TASK INSTRUCTIONS = Write the data out in full and word for word. Do not include images.

DATA TO EXAMINE =

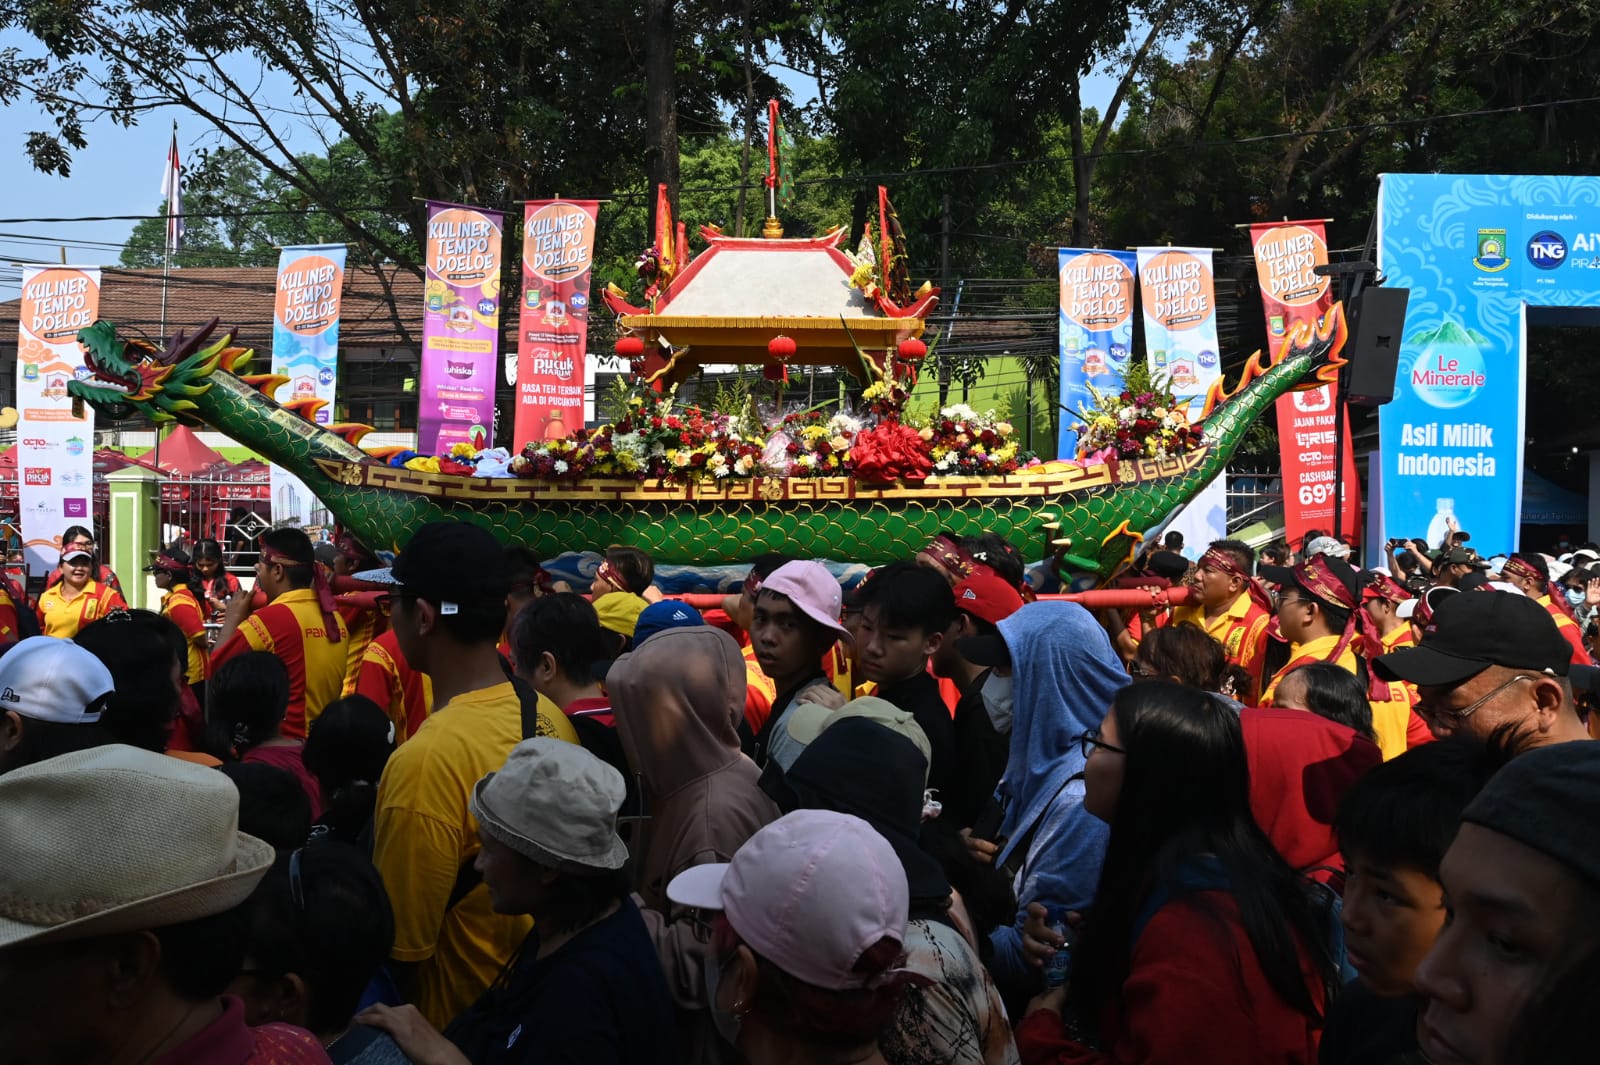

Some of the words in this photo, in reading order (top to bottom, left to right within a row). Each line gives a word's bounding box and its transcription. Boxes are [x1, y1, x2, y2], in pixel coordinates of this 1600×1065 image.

[429, 221, 491, 239] KULINER
[528, 212, 586, 238] KULINER
[436, 237, 488, 256] TEMPO
[535, 231, 582, 253] TEMPO
[1257, 233, 1315, 263] KULINER
[1530, 244, 1565, 259] TNG
[436, 252, 494, 273] DOELOE
[534, 246, 588, 270] DOELOE
[1267, 251, 1315, 279] TEMPO
[280, 264, 335, 291] KULINER
[1063, 264, 1124, 286] KULINER
[1143, 261, 1202, 286] KULINER
[1269, 271, 1323, 295] DOELOE
[26, 277, 88, 300] KULINER
[286, 284, 332, 307] TEMPO
[1072, 282, 1120, 300] TEMPO
[1153, 279, 1201, 301] TEMPO
[34, 295, 85, 315] TEMPO
[479, 303, 495, 312] TNG
[570, 296, 587, 305] TNG
[1071, 297, 1126, 318] DOELOE
[1154, 294, 1208, 319] DOELOE
[32, 309, 91, 332] DOELOE
[284, 299, 337, 325] DOELOE
[531, 347, 550, 358] Teh
[1110, 346, 1126, 357] TNG
[1199, 354, 1216, 364] TNG
[1438, 355, 1458, 371] Le
[1412, 370, 1486, 386] Minerale
[521, 383, 540, 393] RASA
[542, 384, 556, 394] TEH
[557, 385, 582, 396] TERBAIK
[522, 395, 537, 404] ADA
[538, 395, 547, 405] DI
[548, 396, 581, 408] PUCUKNYA
[1294, 416, 1315, 427] JAJAN
[23, 438, 46, 446] OCTO
[1401, 423, 1437, 446] Asli
[1443, 423, 1494, 447] Milik
[1299, 451, 1322, 462] OCTO
[1398, 453, 1496, 477] Indonesia
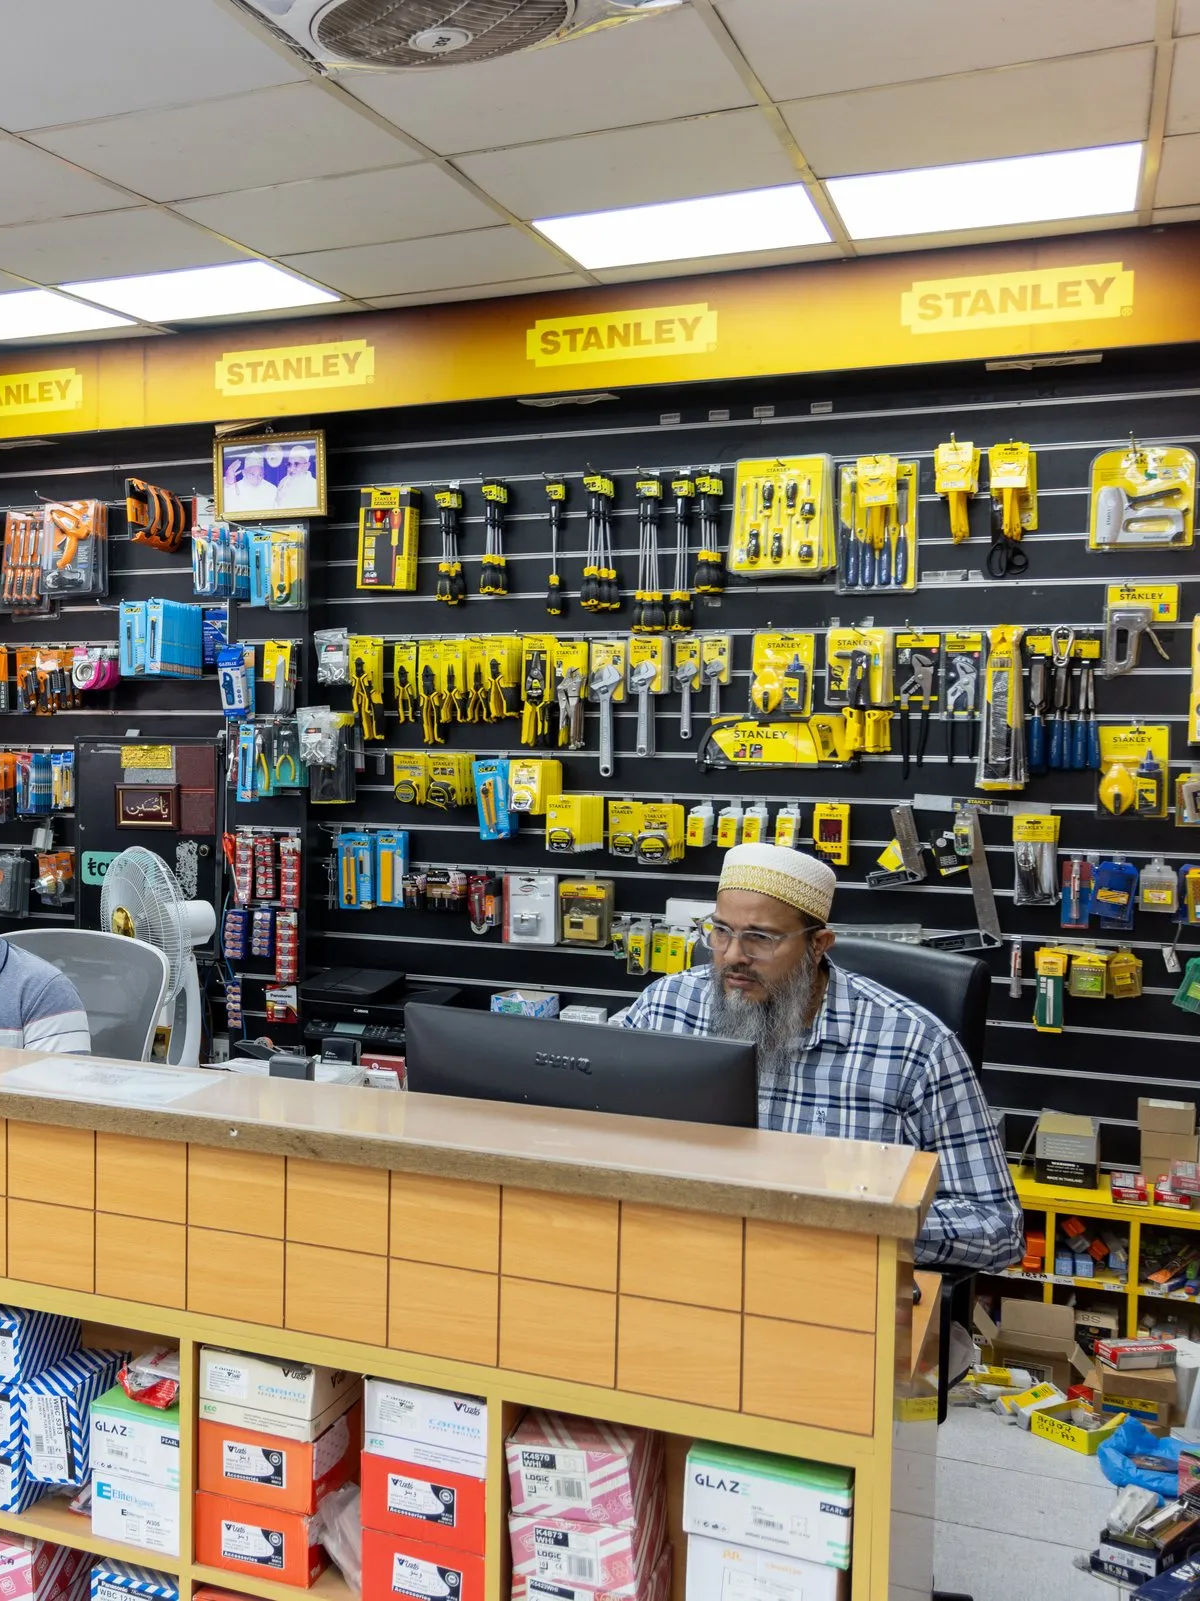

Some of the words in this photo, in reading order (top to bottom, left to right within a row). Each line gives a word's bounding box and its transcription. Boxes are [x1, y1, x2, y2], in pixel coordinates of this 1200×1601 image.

[917, 277, 1117, 320] STANLEY
[539, 316, 703, 356] STANLEY
[225, 351, 363, 388] STANLEY
[1120, 593, 1164, 601] STANLEY
[734, 729, 788, 739] STANLEY
[1112, 735, 1152, 744] STANLEY
[535, 1051, 592, 1075] BenQ
[55, 1415, 63, 1435] 5313
[161, 1438, 179, 1446] PEARL
[523, 1451, 550, 1461] K4870
[523, 1459, 541, 1468] WHI
[227, 1472, 259, 1482] Accessories
[390, 1506, 427, 1520] Accessories
[820, 1503, 845, 1515] PEARL
[535, 1528, 563, 1539] K4873
[536, 1536, 554, 1545] WHI
[224, 1551, 258, 1563] Accessories
[101, 1580, 128, 1593] Panasonic
[99, 1588, 118, 1600] WBC
[394, 1586, 431, 1601] Accessories
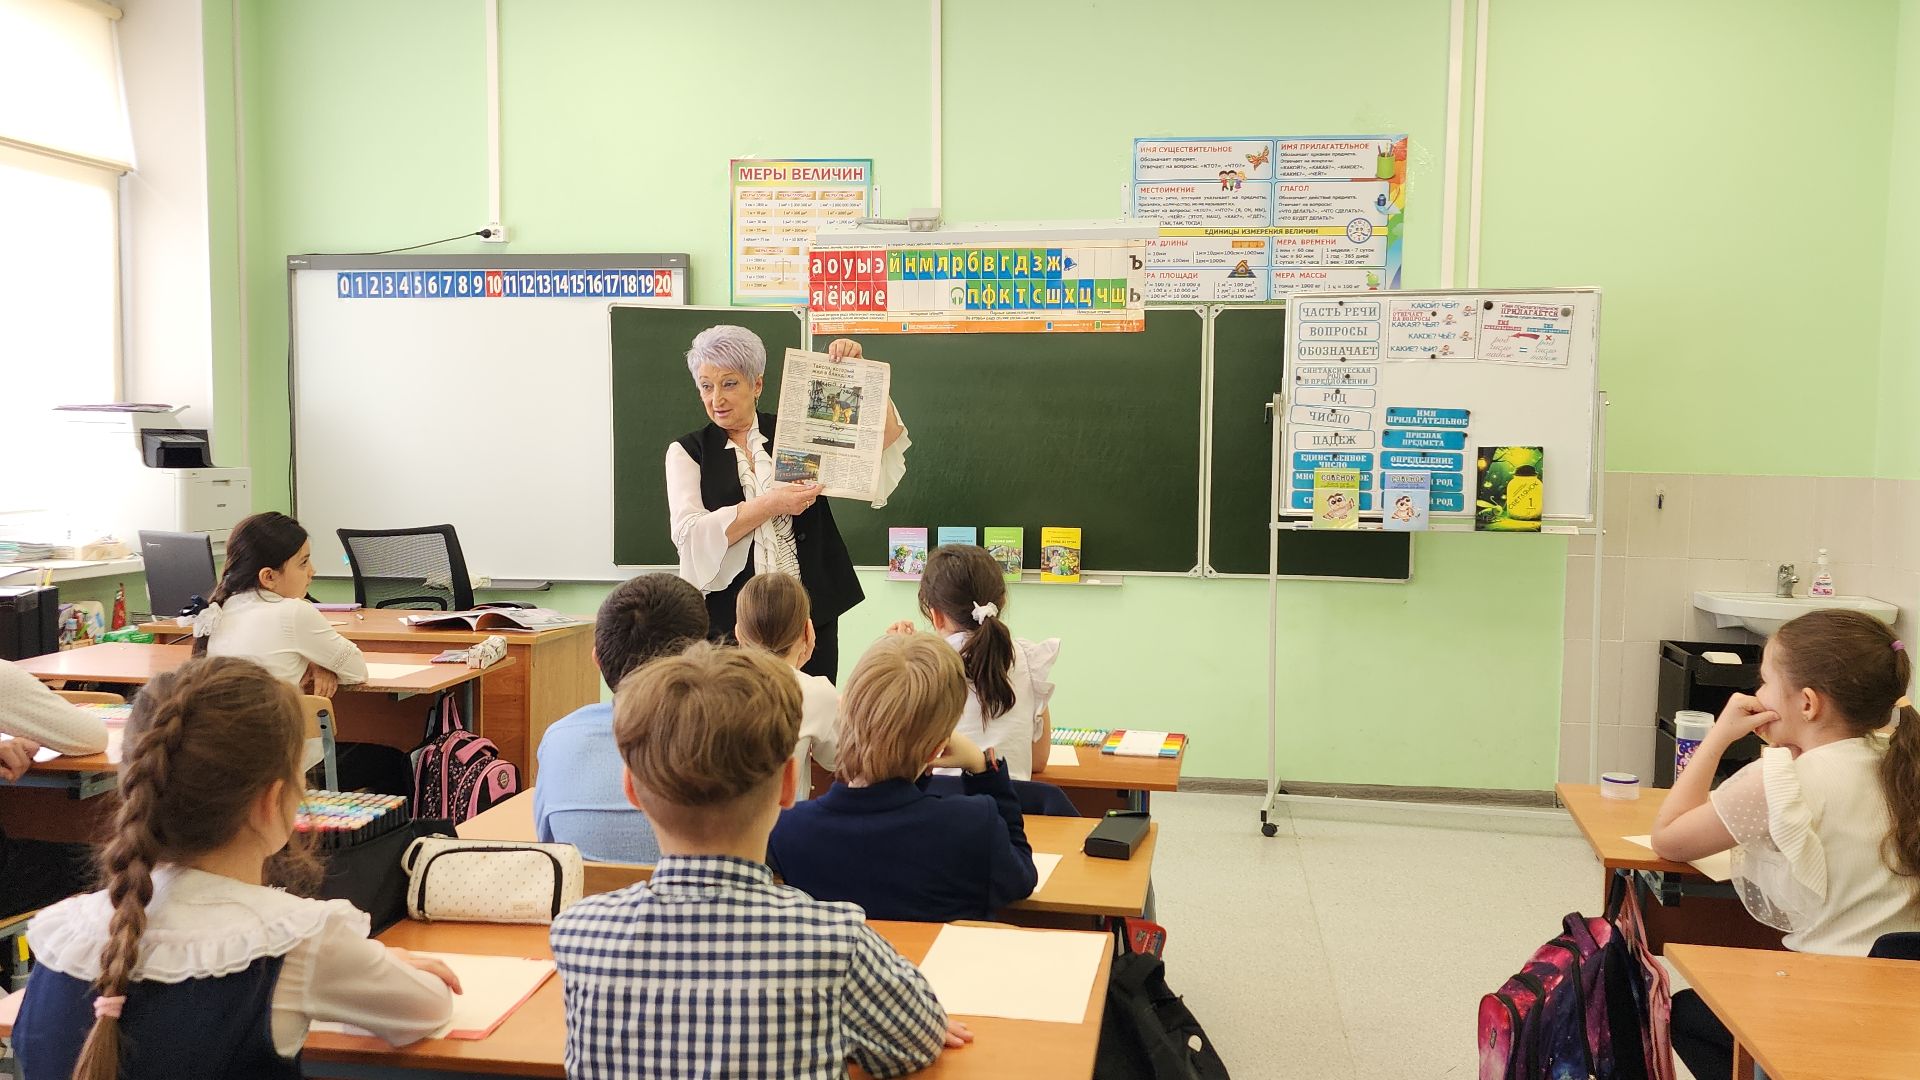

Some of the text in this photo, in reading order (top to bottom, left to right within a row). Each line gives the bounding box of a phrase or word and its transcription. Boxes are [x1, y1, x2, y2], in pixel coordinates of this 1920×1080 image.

YOUR RESPONSE =
Some of the words in this photo, in reading order (top to bottom, left to right within a row). Each line gives a word's bounding box and its transcription. Boxes are [x1, y1, x2, y2], in pixel coordinates of this 1600×1065 image.

[429, 221, 491, 239] KULINER
[528, 212, 586, 238] KULINER
[436, 237, 488, 256] TEMPO
[535, 231, 582, 253] TEMPO
[1257, 233, 1315, 263] KULINER
[1530, 244, 1565, 259] TNG
[436, 252, 494, 273] DOELOE
[534, 246, 588, 270] DOELOE
[1267, 251, 1315, 279] TEMPO
[280, 264, 335, 291] KULINER
[1063, 264, 1124, 286] KULINER
[1143, 261, 1202, 286] KULINER
[1269, 271, 1323, 295] DOELOE
[26, 277, 88, 300] KULINER
[286, 284, 332, 307] TEMPO
[1072, 282, 1120, 300] TEMPO
[1153, 279, 1201, 301] TEMPO
[34, 295, 85, 315] TEMPO
[479, 303, 495, 312] TNG
[570, 296, 587, 305] TNG
[1071, 297, 1126, 318] DOELOE
[1154, 294, 1208, 319] DOELOE
[32, 309, 91, 332] DOELOE
[284, 299, 337, 325] DOELOE
[531, 347, 550, 358] Teh
[1110, 346, 1126, 357] TNG
[1199, 354, 1216, 364] TNG
[1438, 355, 1458, 371] Le
[1412, 370, 1486, 386] Minerale
[521, 383, 540, 393] RASA
[542, 384, 556, 394] TEH
[557, 385, 582, 396] TERBAIK
[522, 395, 537, 404] ADA
[538, 395, 547, 405] DI
[548, 396, 581, 408] PUCUKNYA
[1294, 416, 1315, 427] JAJAN
[23, 438, 46, 446] OCTO
[1401, 423, 1437, 446] Asli
[1443, 423, 1494, 447] Milik
[1299, 451, 1322, 462] OCTO
[1398, 453, 1496, 477] Indonesia

Some of the words in this photo, in reading order (top to bottom, left to right within a row). Each line gives a word's bounding box and its transcription. Boxes are [x1, y1, x2, y2], in pixel coordinates of this 1200×1601 image.

[917, 277, 1117, 320] STANLEY
[539, 316, 703, 356] STANLEY
[225, 351, 363, 388] STANLEY
[1120, 593, 1164, 601] STANLEY
[734, 729, 788, 739] STANLEY
[1112, 735, 1152, 744] STANLEY
[535, 1051, 592, 1075] BenQ
[55, 1415, 63, 1435] 5313
[161, 1438, 179, 1446] PEARL
[523, 1451, 550, 1461] K4870
[523, 1459, 541, 1468] WHI
[227, 1472, 259, 1482] Accessories
[390, 1506, 427, 1520] Accessories
[820, 1503, 845, 1515] PEARL
[535, 1528, 563, 1539] K4873
[536, 1536, 554, 1545] WHI
[224, 1551, 258, 1563] Accessories
[101, 1580, 128, 1593] Panasonic
[99, 1588, 118, 1600] WBC
[394, 1586, 431, 1601] Accessories

Some of the text in this photo, in reading order (top to bottom, left to right within a row). Each line gives the bounding box of a phrase or word and its transcription. Boxes are [x1, y1, x2, y2], in pixel coordinates of this 1920×1080 image.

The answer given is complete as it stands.